Futures contracts tied to the major U.S. stock indexes held steady at the start of the overnight session Wednesday evening as investors parsed through a slew of corporate earnings during an otherwise positive week.

Dow Jones Industrial Average futures fell 15 points at the start of the overnight session, implying a slight opening loss when regular trading resumes on Thursday. S&P 500 and Nasdaq-100 futures were little changed and up a hair, respectively.

Wall Street’s attention in after-hours trading Wednesday evening was focused on earnings announcements from several U.S. companies, but especially Microsoft and carmaker Tesla.

Despite better-than-expected figures, software giant Microsoft shares fell as much as 3% in after-hours trading. Though the company’s results were largely positive, Microsoft said its transactional license purchasing continued to slow and that subsidiary LinkedIn was negatively impacted by the weak job market.

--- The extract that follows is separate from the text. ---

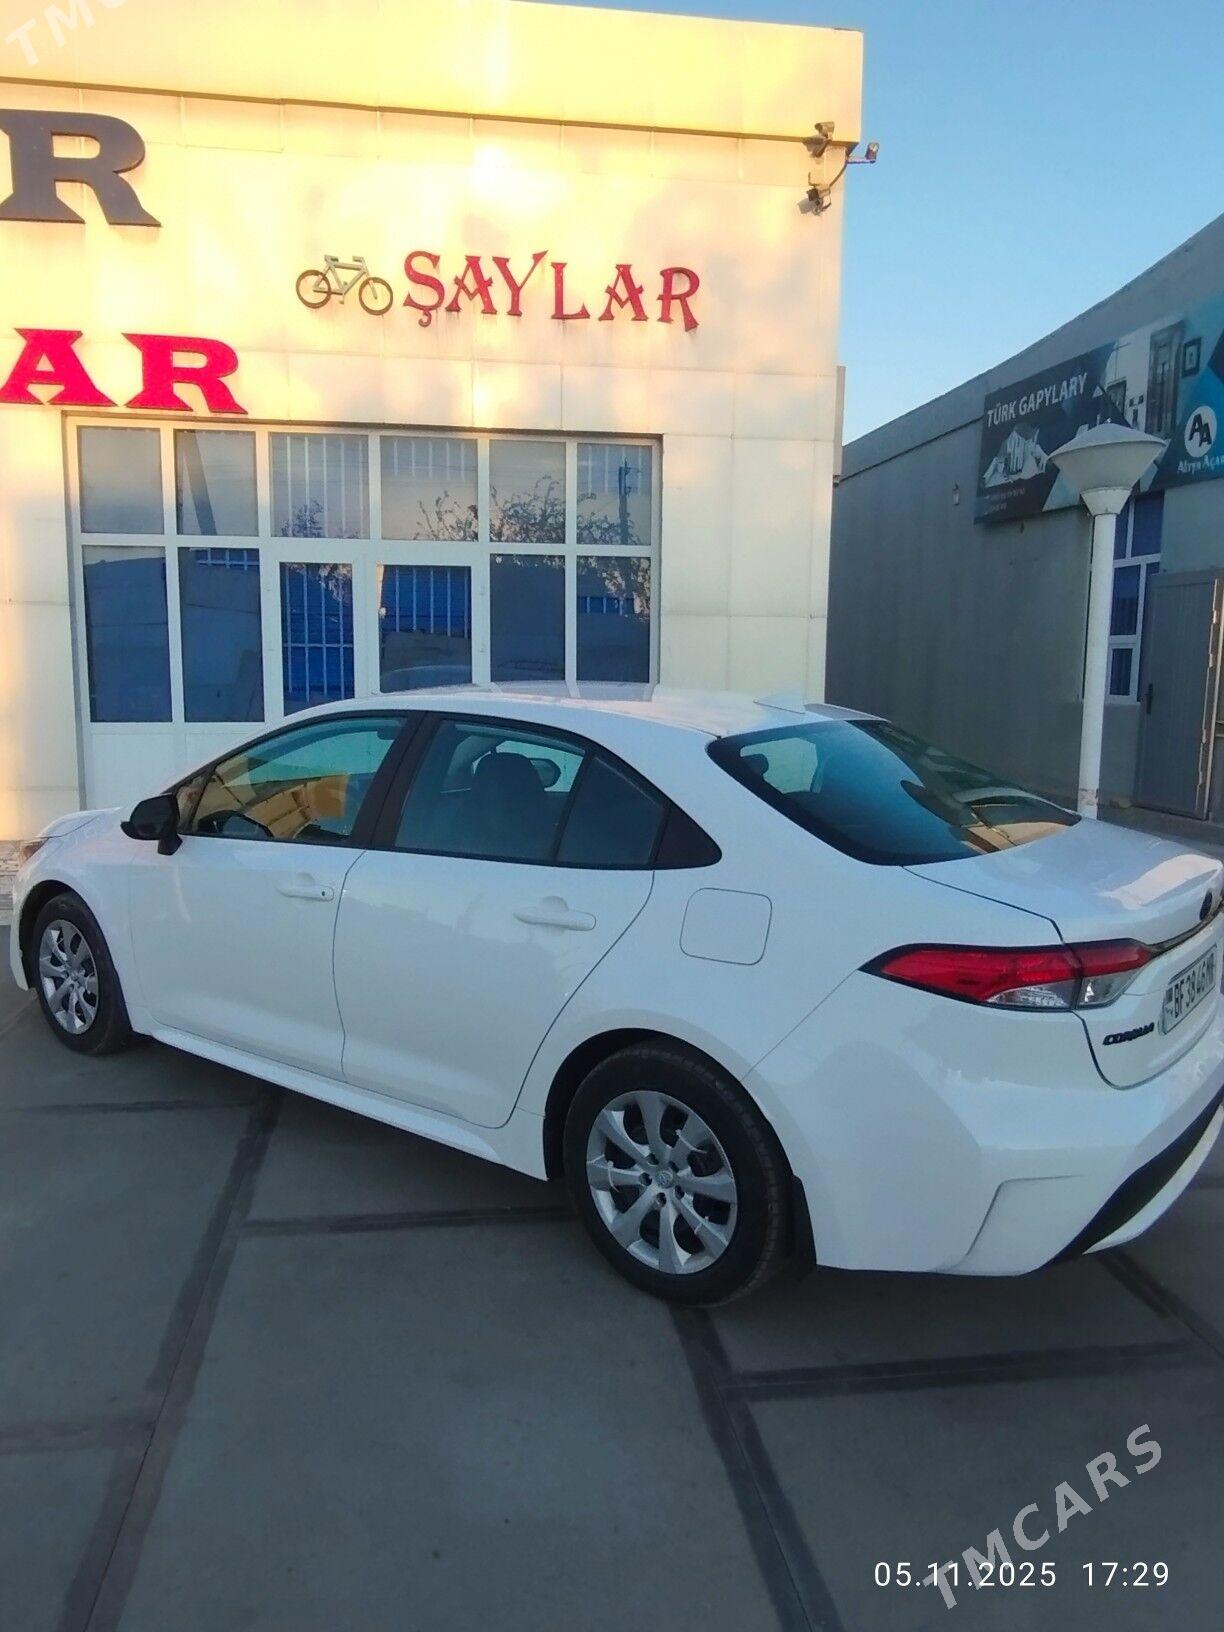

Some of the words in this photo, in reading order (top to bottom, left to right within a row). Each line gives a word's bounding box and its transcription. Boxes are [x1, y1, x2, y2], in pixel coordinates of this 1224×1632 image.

[0, 110, 161, 227] R
[404, 250, 701, 332] ŞAYLAR
[986, 402, 1017, 428] TÜRK
[1018, 371, 1088, 416] GAPYLARY

Tesla, meanwhile, blew past analyst expectations and posted its fourth consecutive quarter of profit, opening the door for the company’s inclusion in the S&P 500.  Excluding one-time charges, Tesla’s second-quarter earnings per share of $2.18 were well above the 3 cents per share expected by analysts polled by Refinitiv.

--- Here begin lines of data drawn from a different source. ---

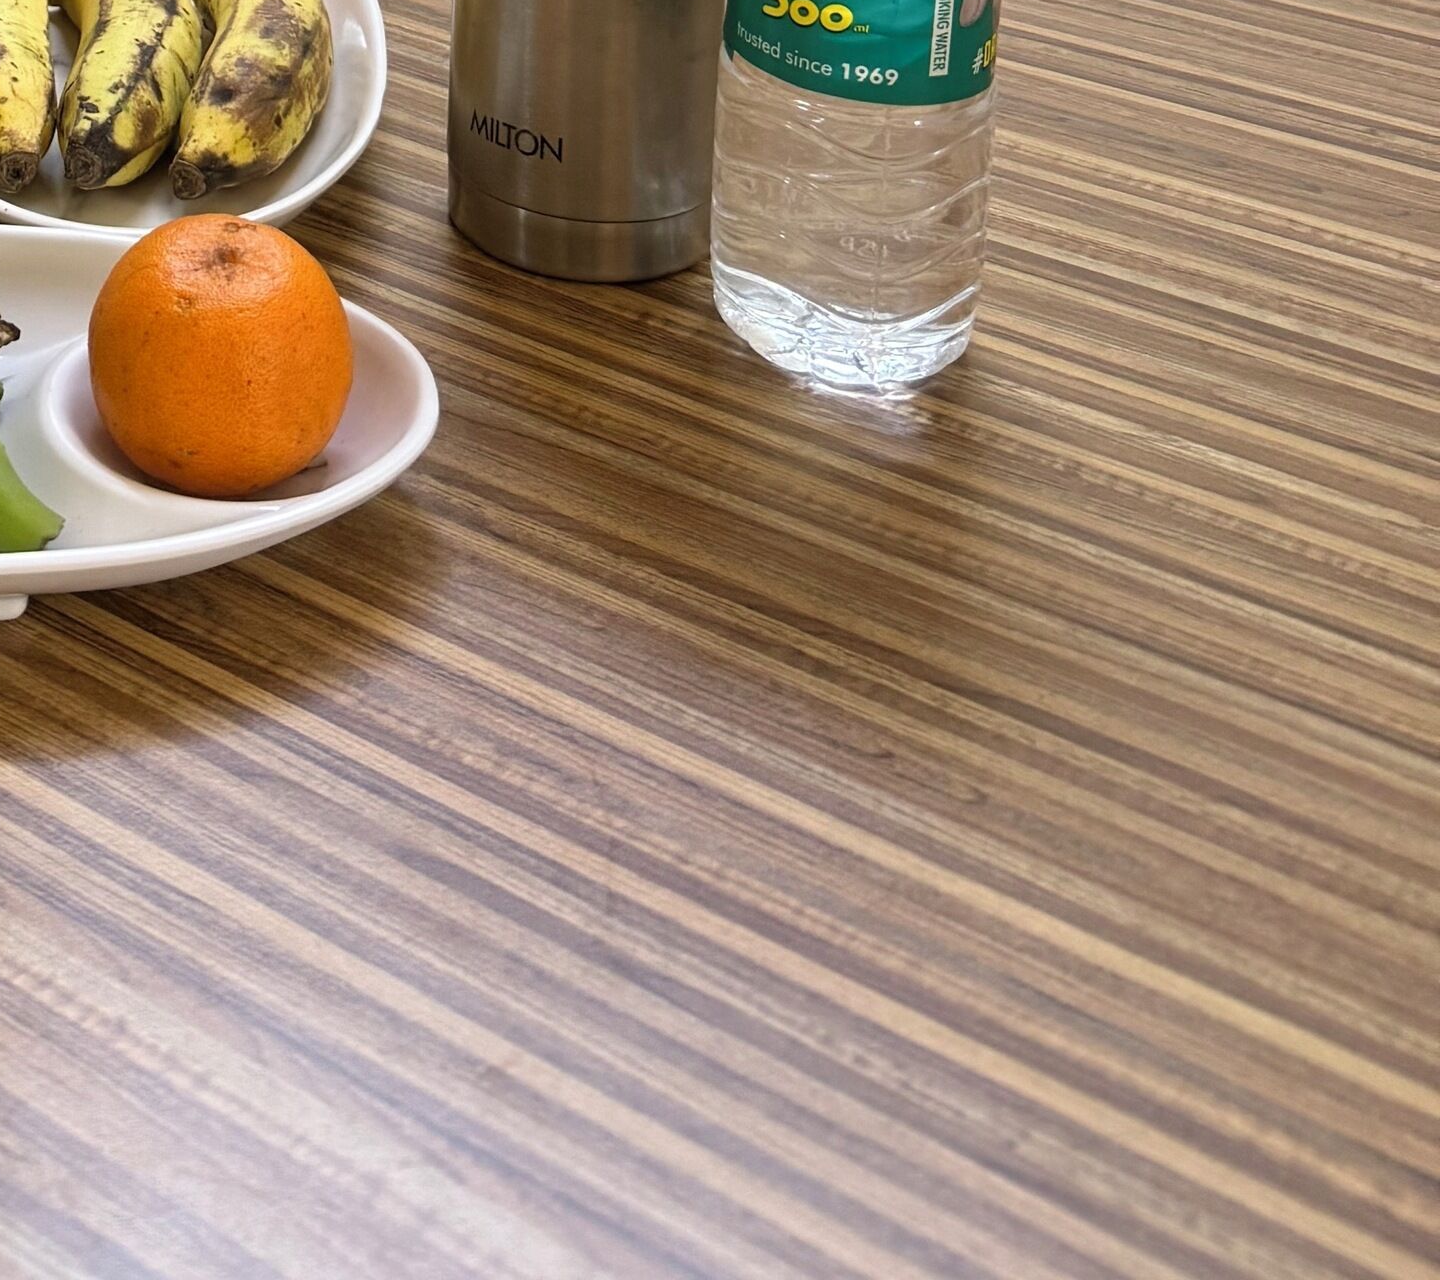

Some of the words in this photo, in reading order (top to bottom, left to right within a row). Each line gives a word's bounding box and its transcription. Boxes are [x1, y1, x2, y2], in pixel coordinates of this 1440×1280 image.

[737, 22, 781, 59] trusted
[785, 50, 833, 76] since
[841, 62, 899, 86] 1969
[932, 33, 949, 72] WATER
[470, 108, 563, 164] MILTON
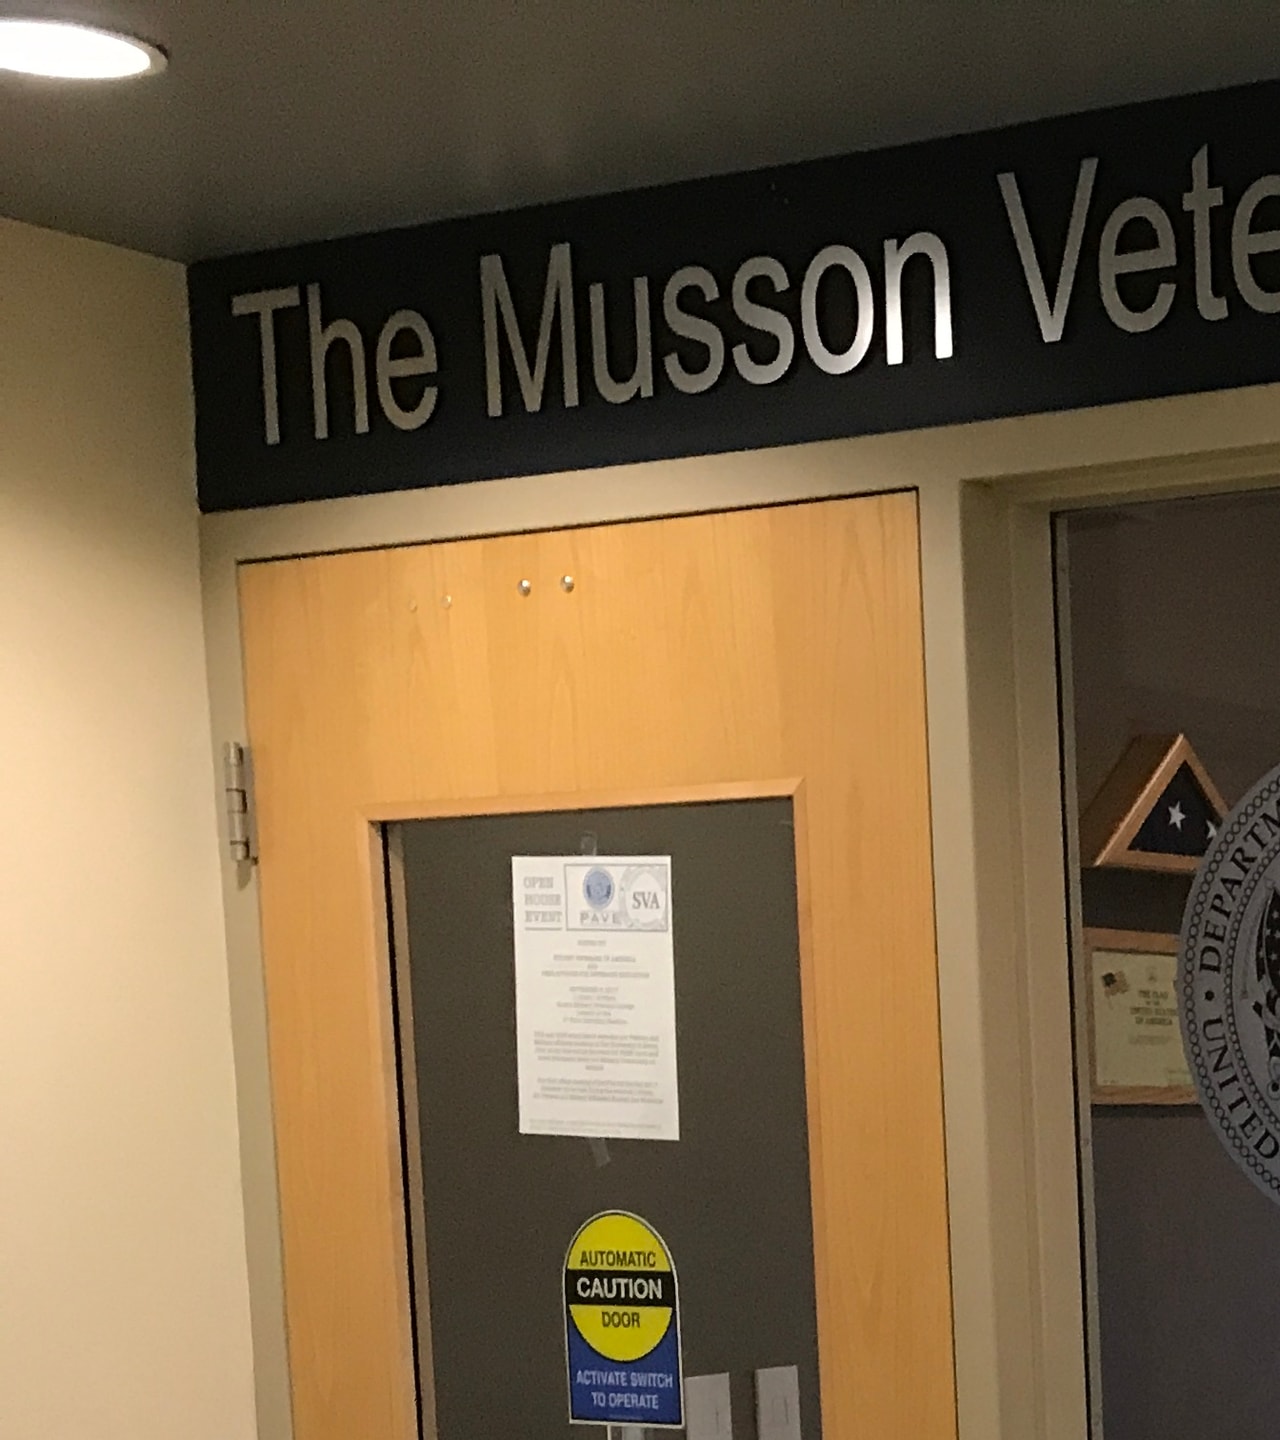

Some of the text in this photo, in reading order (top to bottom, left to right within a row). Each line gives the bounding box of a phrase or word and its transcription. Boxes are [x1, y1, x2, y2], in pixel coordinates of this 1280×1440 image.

[232, 283, 438, 446] The
[480, 230, 954, 417] Musson
[632, 891, 660, 909] SVA
[1202, 1018, 1280, 1161] UNITED
[580, 1250, 656, 1268] AUTOMATIC
[577, 1277, 662, 1300] CAUTION
[602, 1312, 640, 1328] DOOR
[576, 1370, 673, 1388] ACTIVATE SWITCH
[591, 1391, 659, 1410] TO OPERATE

Elon Musk’s automaker also said it’s set “for a successful second half” and reiterated its goal of delivering 500,000 vehicles this year. 

The after-hours moves followed a positive regular session on Wednesday, with the major indexes all posting modest gains on both vaccine and federal stimulus announcements. 

The Dow Jones Industrial Average finished the day up 165.44 points, or 0.6%, with McDonald’s and Microsoft contributing the most to the index. The S&P 500 also rose about 0.6% as utilities and real estate investment trusts led the broader market higher. The Nasdaq Composite, meanwhile, rose 0.2%.

The three indexes are up 1.25%, 1.59% and 1.9%, respectively, for the week.

Equities caught a morning bid after the U.S. agreed to pay drugmaker Pfizer and German partner BioNTech nearly $2 billion for 100 million coronavirus vaccines if their candidate proves both safe and effective.

U.S. stocks also rallied toward the end of the regular session on Wednesday after sources told CNBC that congressional Republicans are weighing an extension of watered-down federal unemployment benefits through the end of the year.

On Thursday, the Labor Department will release its latest report on weekly jobless claims. The weekly figures provide Wall Street with critical insight on how many Americans continue to collect unemployment benefits, known as continuing claims.

Another 1.3 million workers are expected to have filed first-time claims for state unemployment benefits during the week ended July 18.